Delaware is the state of incorporation for many entities, including companies which operate in Wisconsin. While the Delaware law of director fiduciary duty may apply to Delaware entities, the Wisconsin Supreme Court has applied Wisconsin choice of law principles, resulting in directors of entities chartered in Delaware becoming subject to Wisconsin law. Therefore, it is important for directors of Wisconsin based companies incorporated in Delaware to understand the scope of their duties under both Delaware and Wisconsin law, and for directors of Wisconsin chartered companies operating in Wisconsin to understand the applicable standards for those duties under Wisconsin law.

Delaware

It is generally recognized that in discharging their duties, directors of corporations owe a duty of care (the duty to make decisions in a prudent manner) and a duty of loyalty (the duty to act without personal economic conflict) to the corporation and its shareholders.1 What happens, however, when the enterprise experiences financial distress and is at risk of becoming insolvent? Do creditors have a right to demand that directors protect the creditors' interests in addition to (or instead of) the interests of shareholders?

Zone of Insolvency

The concept of "zone" or "vicinity" of insolvency arose in 1991 in Credit Lyonnaise, an unpublished Delaware Chancery Court decision.2 Under the zone of insolvency construct, directors were cautioned to make decisions which did not favor the shareholders at the expense of creditors.3 Credit Lyonnaise and the concept of zone of insolvency, which spawned numerous commentaries and articles,4 was criticized for inviting claims of breaches of fiduciary duty against directors who were confused about which constituency to serve at any given time.

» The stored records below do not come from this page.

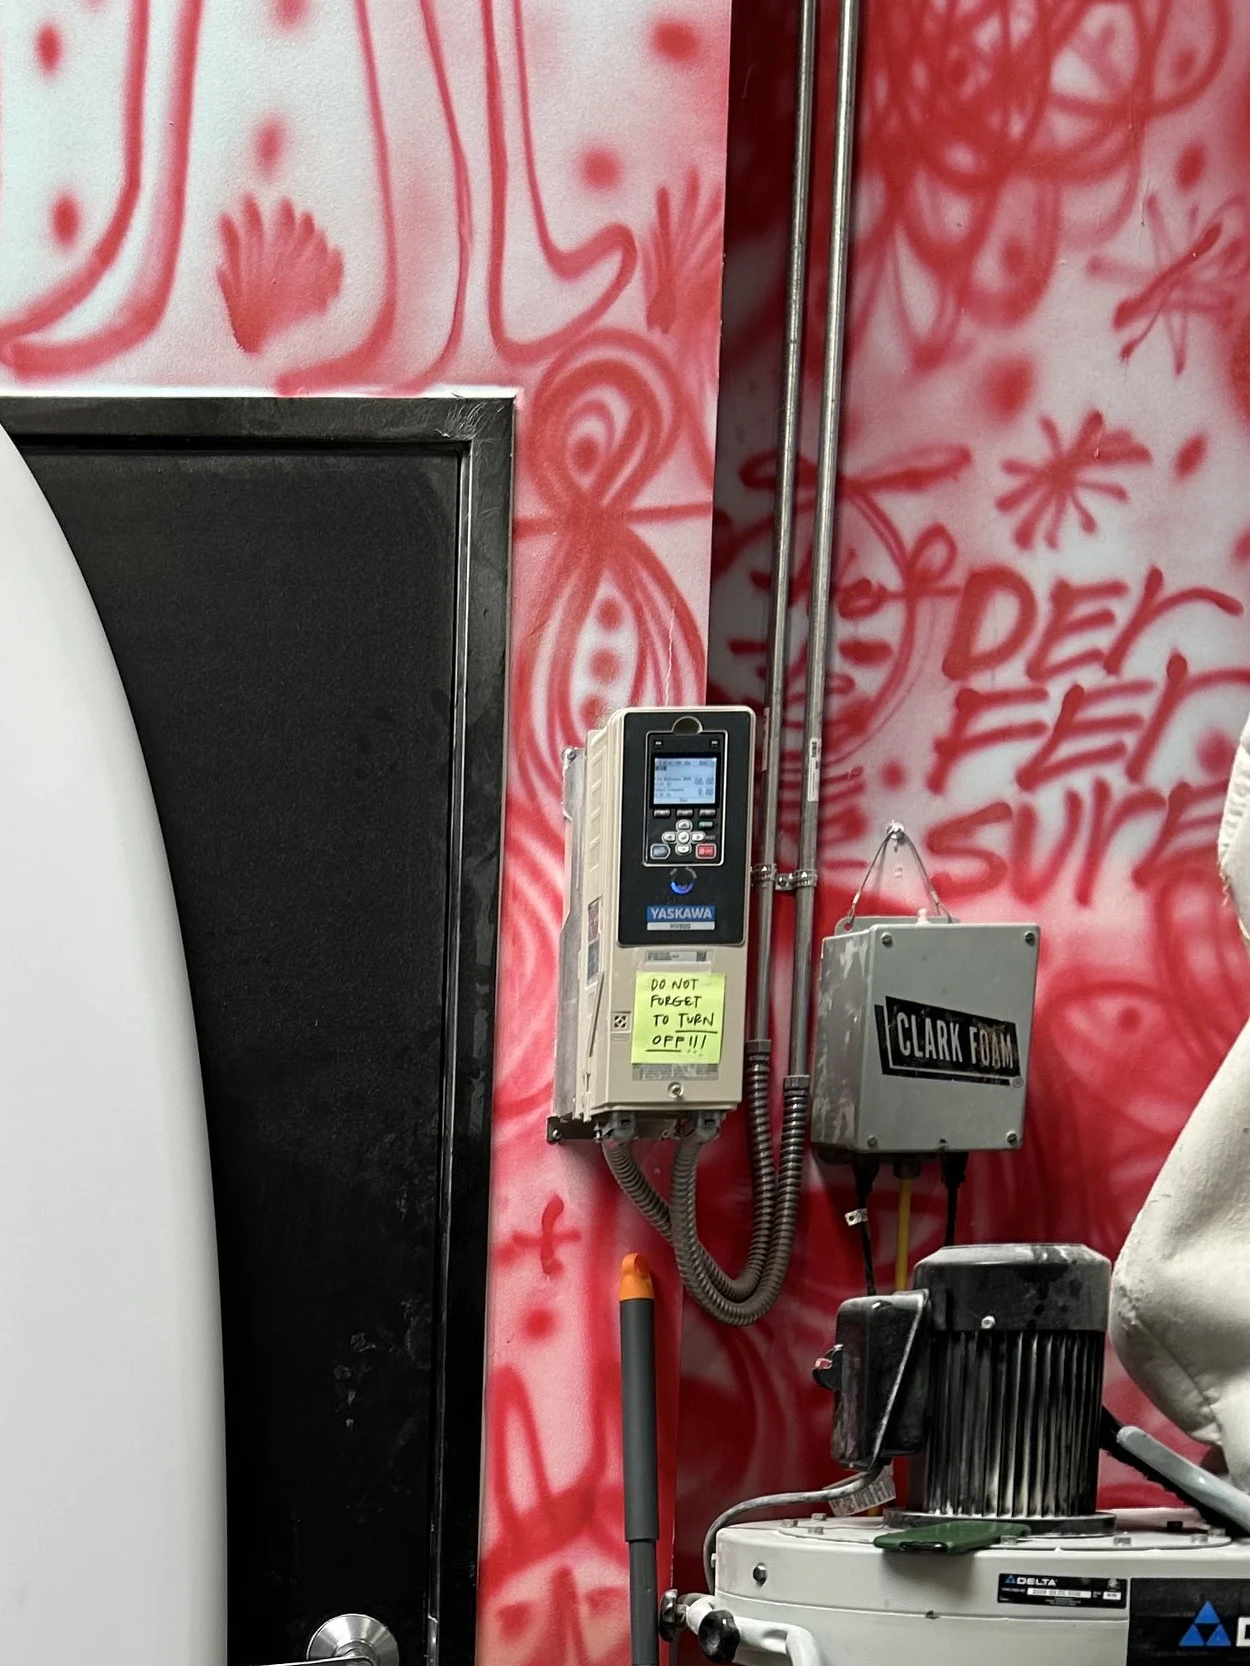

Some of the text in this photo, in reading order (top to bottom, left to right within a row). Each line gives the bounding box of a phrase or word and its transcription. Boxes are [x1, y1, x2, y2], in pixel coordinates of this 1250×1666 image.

[650, 907, 713, 919] YASKAWA
[651, 978, 699, 991] DO NOT
[650, 994, 702, 1008] FORGET
[653, 1012, 715, 1028] TO TURN
[897, 1011, 1014, 1069] CLARK FOAM
[1016, 1576, 1057, 1586] DELTA
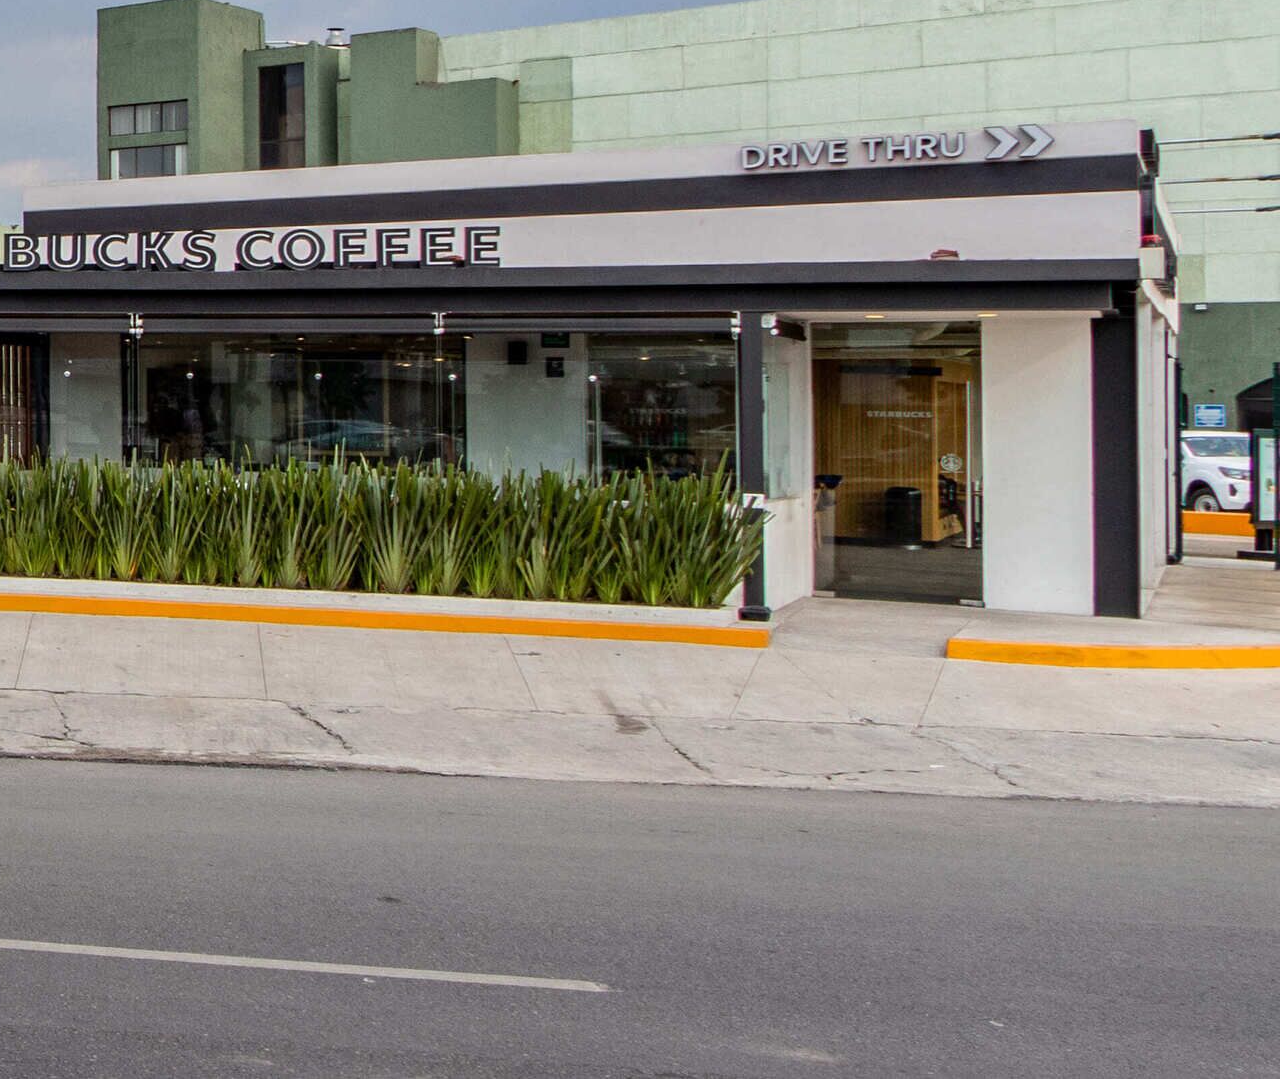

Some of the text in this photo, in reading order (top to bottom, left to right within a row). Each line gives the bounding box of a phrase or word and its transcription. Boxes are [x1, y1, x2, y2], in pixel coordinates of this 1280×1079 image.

[741, 132, 966, 170] DRIVE THRU
[235, 225, 502, 271] COFFEE
[866, 410, 934, 419] STARBUCKS
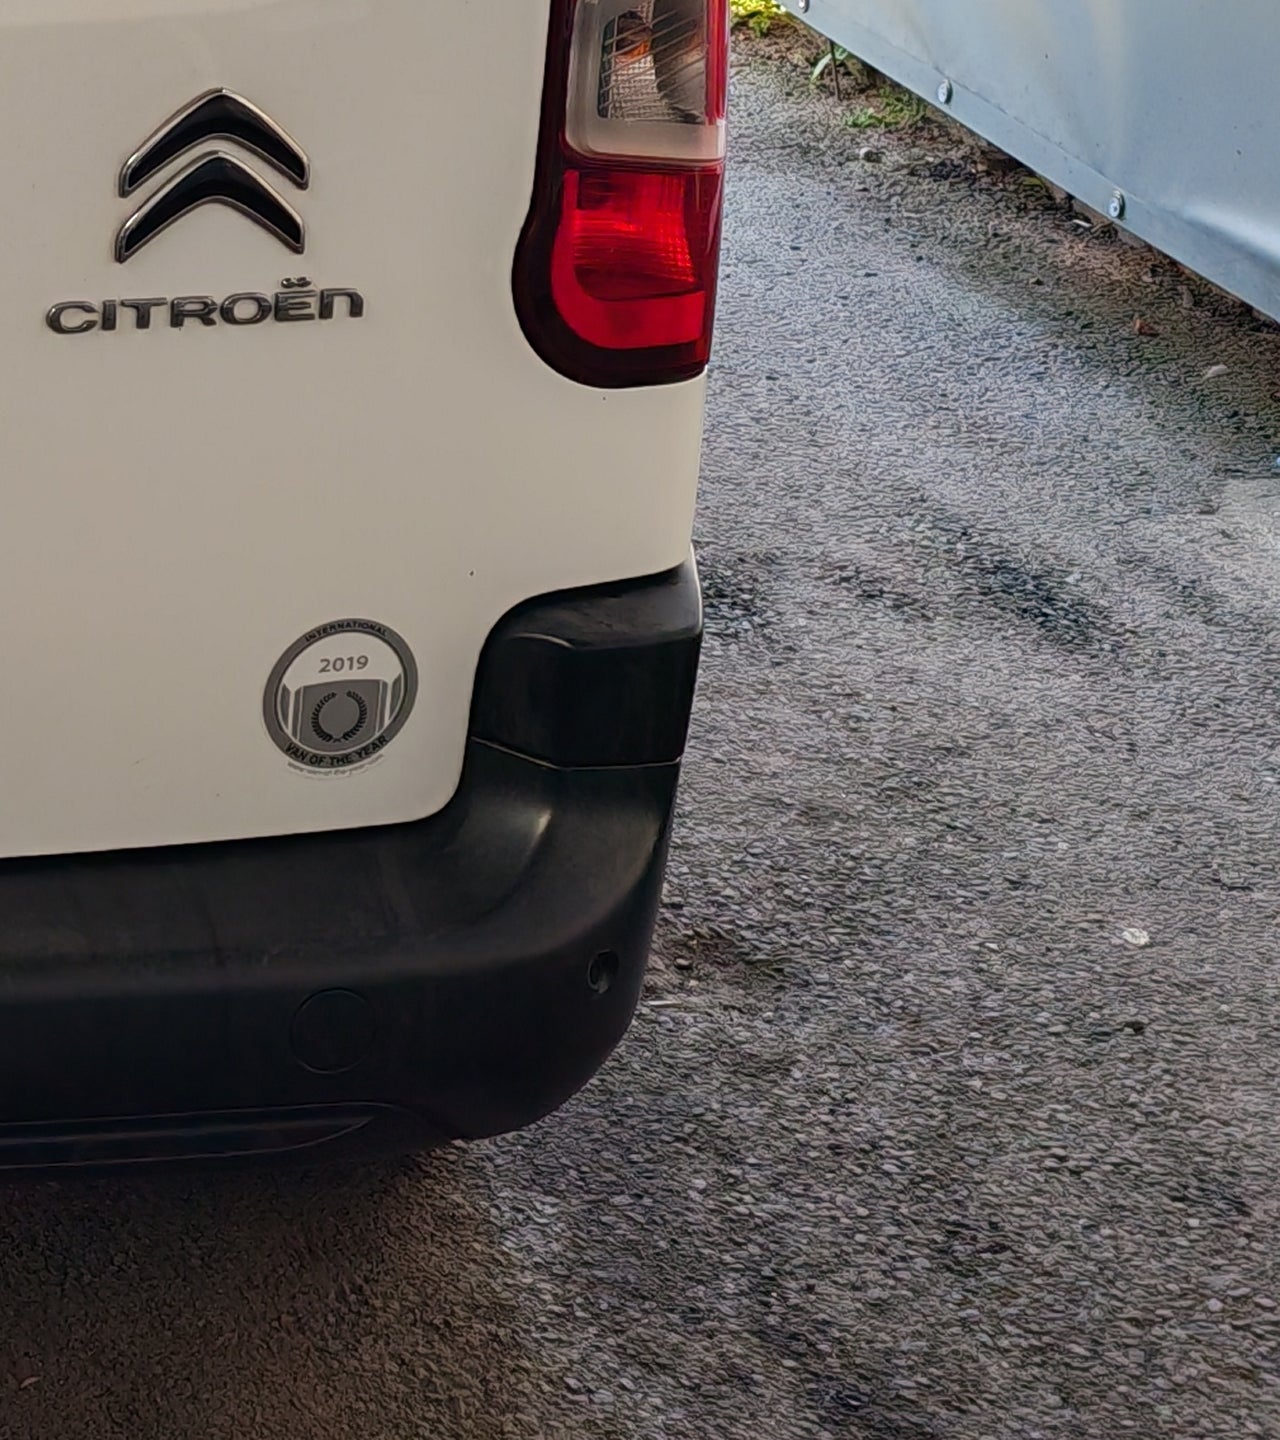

Fortunately, the specter of competing or perhaps conflicting fiduciary duties when an entity was in the zone of insolvency was put to rest in 2007 in Gheewalla, a case decided by the Delaware Supreme Court. The case involved a failed company in the business of creating a national system of wireless connections to the Internet. The defendants were members of the company's board of directors and were also employees of the company's lender, Goldman Sachs. The complaint was filed by a creditor that asserted that the company was in the zone of insolvency and that the directors breached their fiduciary duties giving creditors a direct (rather than a derivative) right of action against them.

After defining "insolvency" as assets being worth less than liabilities or the entity being unable to pay its obligations as they become due,5 the court held that so long as an entity is solvent under this definition, the directors' fiduciary duties run only to the shareholders. "When a solvent corporation is navigating in the zone of insolvency, the focus for Delaware directors does not change: directors must continue to discharge their fiduciary duties to the corporation and its shareholders by exercising their business judgment in the best interests of the corporation for the benefit of its shareholder owners."6 Once the corporation becomes insolvent, said the court, the creditors take the place of shareholders as the residual beneficiaries of the value of the corporation. However, the right of creditors to seek redress remains derivative and is not direct.7

Deepening Insolvency

Directors were even more confused by the emergence of the potential cause of action of "deepening insolvency"causing a failing company to worsen its financial condition giving rise to a cause of action in favor of creditors injured by the improvident decisions made. Deepening insolvency8 was first recognized as a potential cause of action by the Third Circuit Court of Appeals in Lafferty,9 (a Ponzi scheme case arising under Pennsylvania law). With Lafferty, the threat of director liability for deepening insolvency was met by dismay by both insolvency and corporate attorneys alike. The decision caused counselors to...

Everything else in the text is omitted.